Too Many Cooks Spoil the Broth: Toward a Theory for How the Tragedy of the Anticommons Emerges in Organizations

Authors
  • Matthew W. McCarter orcid logo (University of Texas at San Antonio)
  • Shirli Kopelman (University of Michigan)
  • Thomas A. Turk (Chapman University)
  • Candace E. Ybarra (Chapman University)

Abstract

In organizations, conflict revolves around the use of shared resources. Research on property rights, territoriality, and social dilemmas suggests that to reduce such conflict, organizations could facilitate the psychological privatization of commons resources. We introduce a model that helps understand how psychologically privatizing organizational commons resources—to prevent the overuse problem of the tragedy of the commons (Hardin, G. Science, 162, 1968, 1243)—can lead to the emergence of another resource dilemma.
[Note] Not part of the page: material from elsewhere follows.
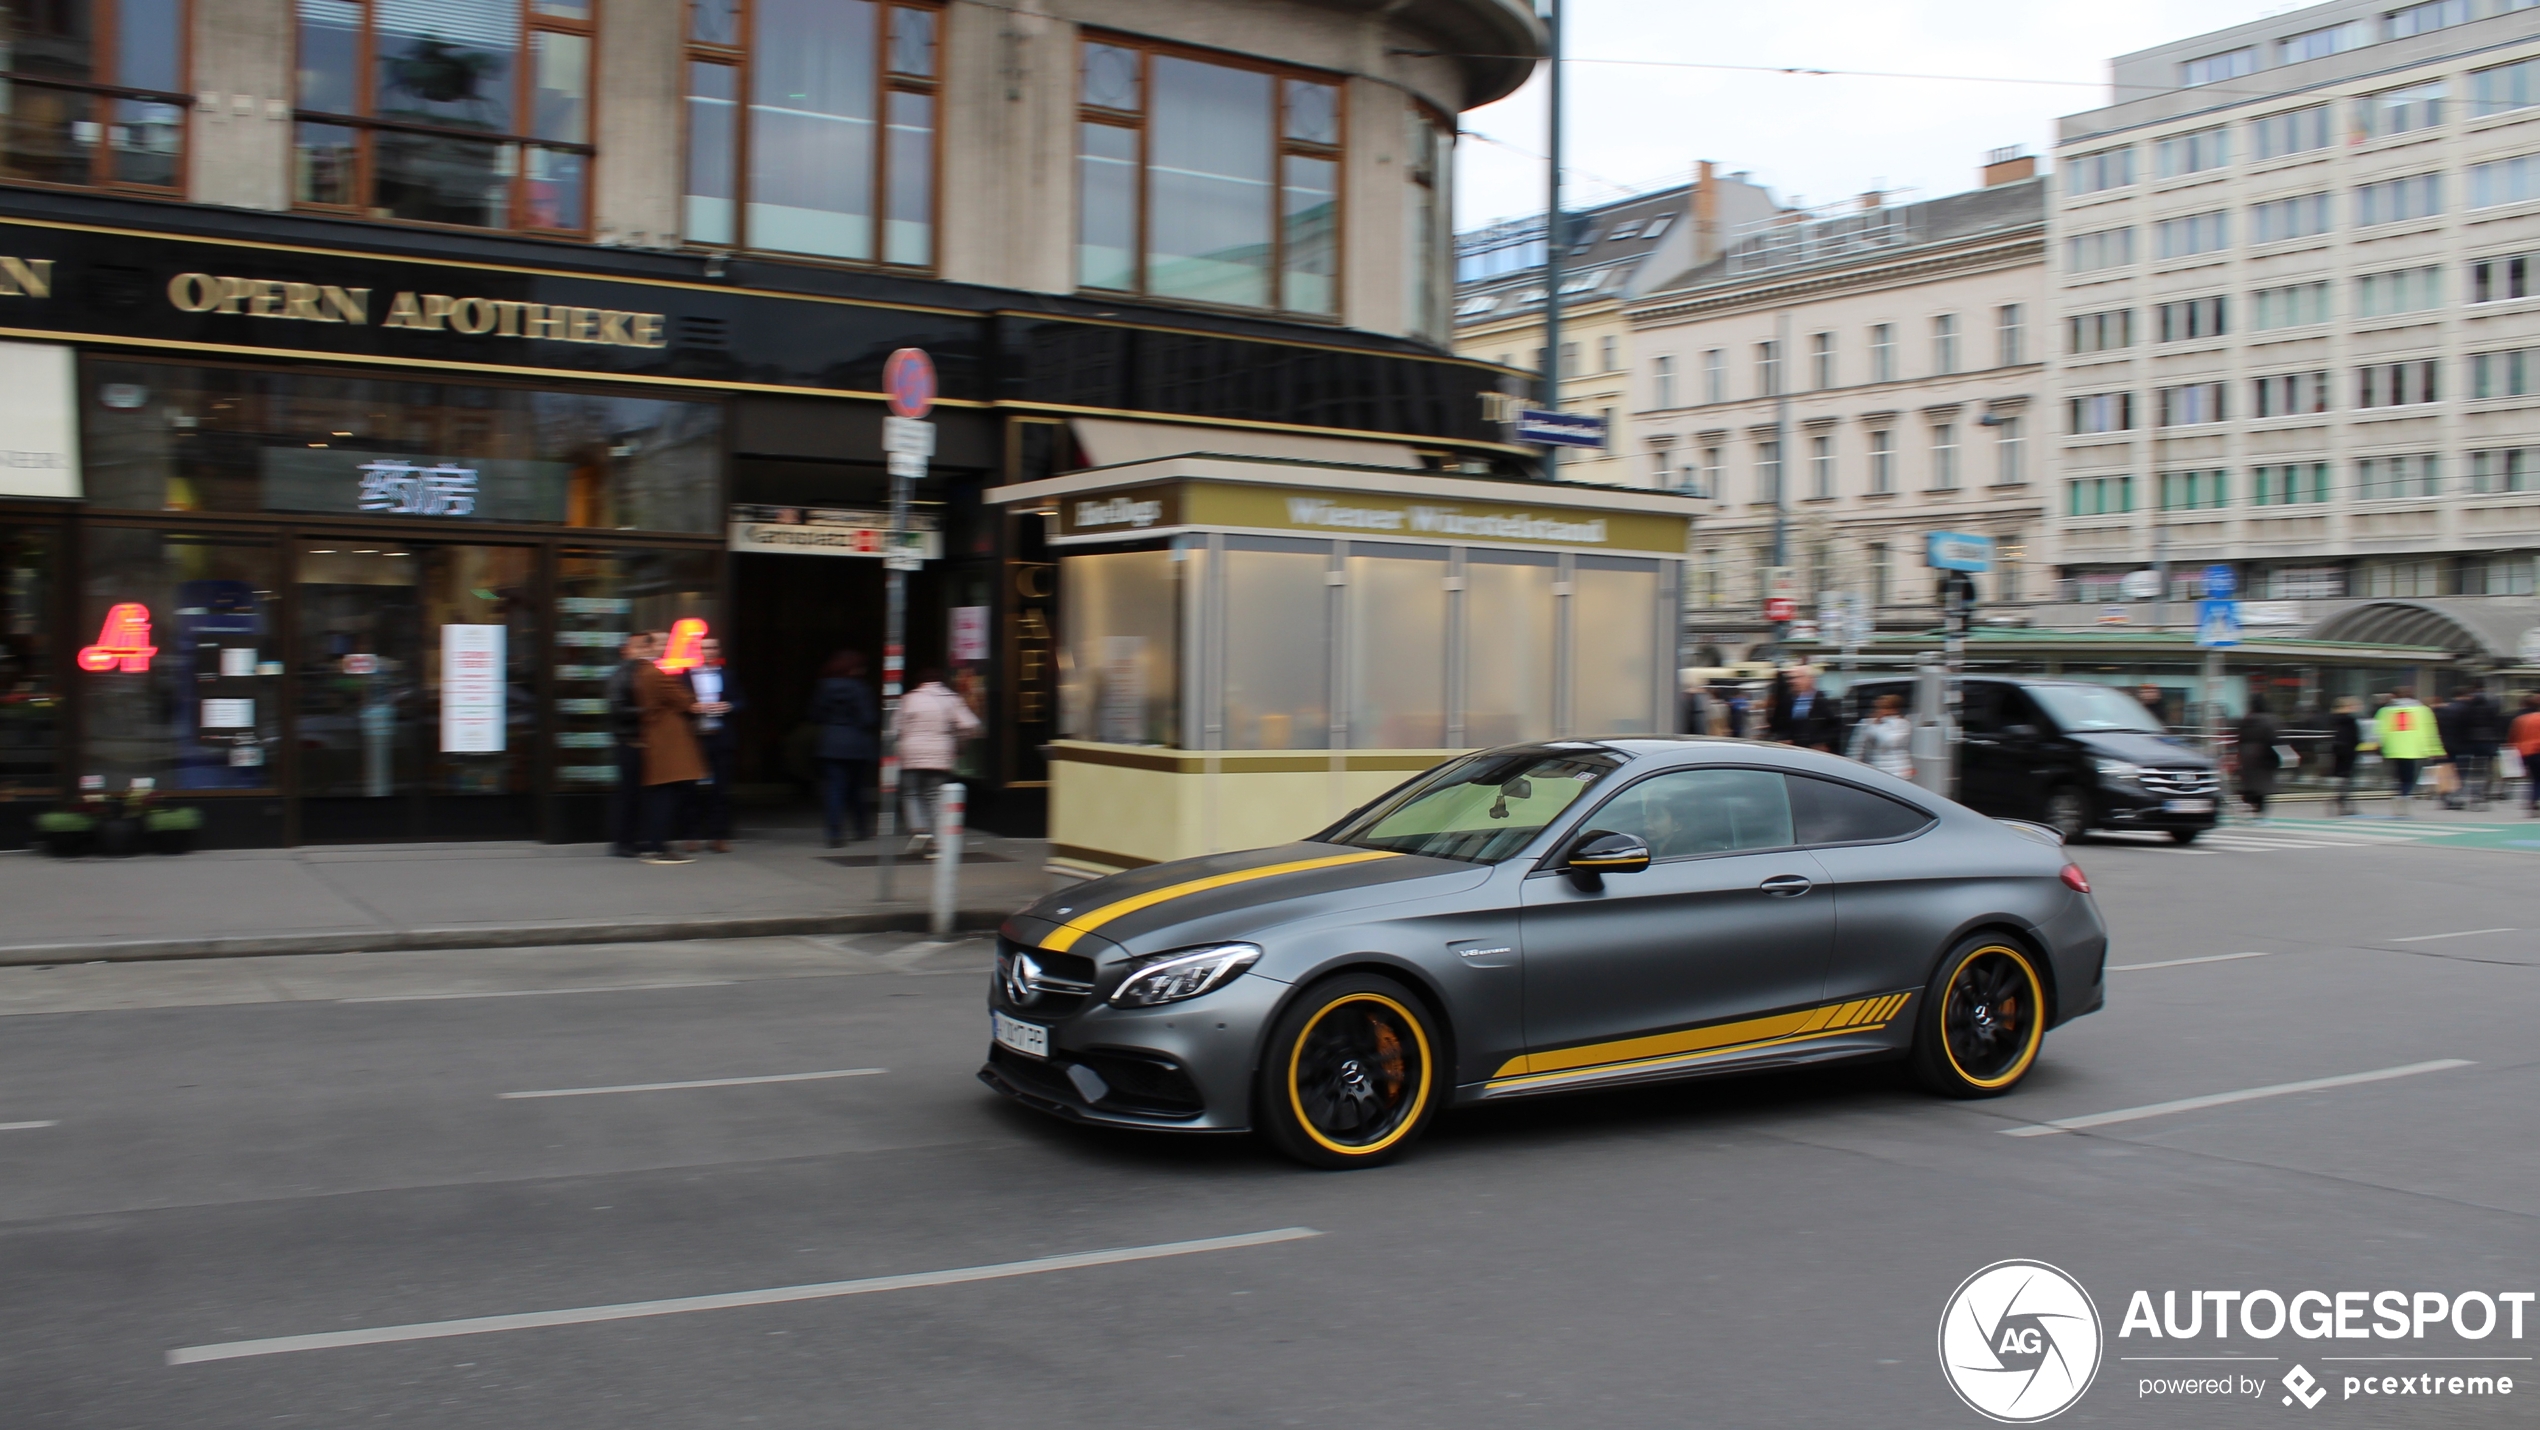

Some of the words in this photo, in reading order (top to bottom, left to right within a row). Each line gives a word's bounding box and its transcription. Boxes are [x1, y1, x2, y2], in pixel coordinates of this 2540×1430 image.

[167, 273, 373, 325] OPERN
[380, 291, 668, 348] APOTHEKE
[1287, 497, 1404, 529] Wiener
[1405, 505, 1608, 542] Würstelstand
We develop a model that illustrates how resource complexity and group complexity increase psychological marking and defending behaviors. These behaviors potentially lead to a problem of resource underuse—a tragedy of the anticommons (Heller, M. A. Harvard Law Review, 111, 1998, 621)—in organizational settings. The conceptual model, integrating insights from research on property rights, territoriality, and social dilemmas with law and social psychology, provides a bottom‐up behavioral explanation of the emergence of the tragedy of the anticommons in organizations and outlines opportunities for future research.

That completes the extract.